[Exercise material — start]

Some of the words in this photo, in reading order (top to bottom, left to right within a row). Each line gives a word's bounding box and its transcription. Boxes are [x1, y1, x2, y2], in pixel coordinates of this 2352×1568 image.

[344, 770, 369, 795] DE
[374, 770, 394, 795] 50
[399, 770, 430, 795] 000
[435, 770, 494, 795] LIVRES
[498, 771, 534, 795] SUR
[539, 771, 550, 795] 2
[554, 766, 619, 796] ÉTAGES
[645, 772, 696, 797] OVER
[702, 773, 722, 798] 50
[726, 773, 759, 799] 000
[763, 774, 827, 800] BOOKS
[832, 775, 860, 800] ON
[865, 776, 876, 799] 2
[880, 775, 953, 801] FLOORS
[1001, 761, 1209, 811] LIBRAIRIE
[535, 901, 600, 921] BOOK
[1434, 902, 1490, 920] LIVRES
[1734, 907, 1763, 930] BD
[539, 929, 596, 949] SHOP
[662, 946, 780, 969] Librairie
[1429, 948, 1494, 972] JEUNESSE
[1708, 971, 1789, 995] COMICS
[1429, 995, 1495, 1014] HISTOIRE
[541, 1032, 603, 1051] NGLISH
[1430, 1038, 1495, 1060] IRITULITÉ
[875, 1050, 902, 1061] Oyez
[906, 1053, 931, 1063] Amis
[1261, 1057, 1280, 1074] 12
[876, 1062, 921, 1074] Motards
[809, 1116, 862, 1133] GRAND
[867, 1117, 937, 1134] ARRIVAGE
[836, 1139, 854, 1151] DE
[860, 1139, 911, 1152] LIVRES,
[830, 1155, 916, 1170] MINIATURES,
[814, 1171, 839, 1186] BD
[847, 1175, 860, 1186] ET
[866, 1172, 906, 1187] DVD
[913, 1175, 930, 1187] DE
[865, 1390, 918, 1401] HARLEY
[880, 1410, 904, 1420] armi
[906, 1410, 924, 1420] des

[Exercise material — finish]

■ **Required work**:
Exactly as they appear above, transcribe the records in full.

■ **Result of the task**:
Some of the words in this photo, in reading order (top to bottom, left to right within a row). Each line gives a word's bounding box and its transcription. Boxes are [x1, y1, x2, y2], in pixel coordinates of this 2352×1568 image.

[344, 770, 369, 795] DE
[374, 770, 394, 795] 50
[399, 770, 430, 795] 000
[435, 770, 494, 795] LIVRES
[498, 771, 534, 795] SUR
[539, 771, 550, 795] 2
[554, 766, 619, 796] ÉTAGES
[645, 772, 696, 797] OVER
[702, 773, 722, 798] 50
[726, 773, 759, 799] 000
[763, 774, 827, 800] BOOKS
[832, 775, 860, 800] ON
[865, 776, 876, 799] 2
[880, 775, 953, 801] FLOORS
[1001, 761, 1209, 811] LIBRAIRIE
[535, 901, 600, 921] BOOK
[1434, 902, 1490, 920] LIVRES
[1734, 907, 1763, 930] BD
[539, 929, 596, 949] SHOP
[662, 946, 780, 969] Librairie
[1429, 948, 1494, 972] JEUNESSE
[1708, 971, 1789, 995] COMICS
[1429, 995, 1495, 1014] HISTOIRE
[541, 1032, 603, 1051] NGLISH
[1430, 1038, 1495, 1060] IRITULITÉ
[875, 1050, 902, 1061] Oyez
[906, 1053, 931, 1063] Amis
[1261, 1057, 1280, 1074] 12
[876, 1062, 921, 1074] Motards
[809, 1116, 862, 1133] GRAND
[867, 1117, 937, 1134] ARRIVAGE
[836, 1139, 854, 1151] DE
[860, 1139, 911, 1152] LIVRES,
[830, 1155, 916, 1170] MINIATURES,
[814, 1171, 839, 1186] BD
[847, 1175, 860, 1186] ET
[866, 1172, 906, 1187] DVD
[913, 1175, 930, 1187] DE
[865, 1390, 918, 1401] HARLEY
[880, 1410, 904, 1420] armi
[906, 1410, 924, 1420] des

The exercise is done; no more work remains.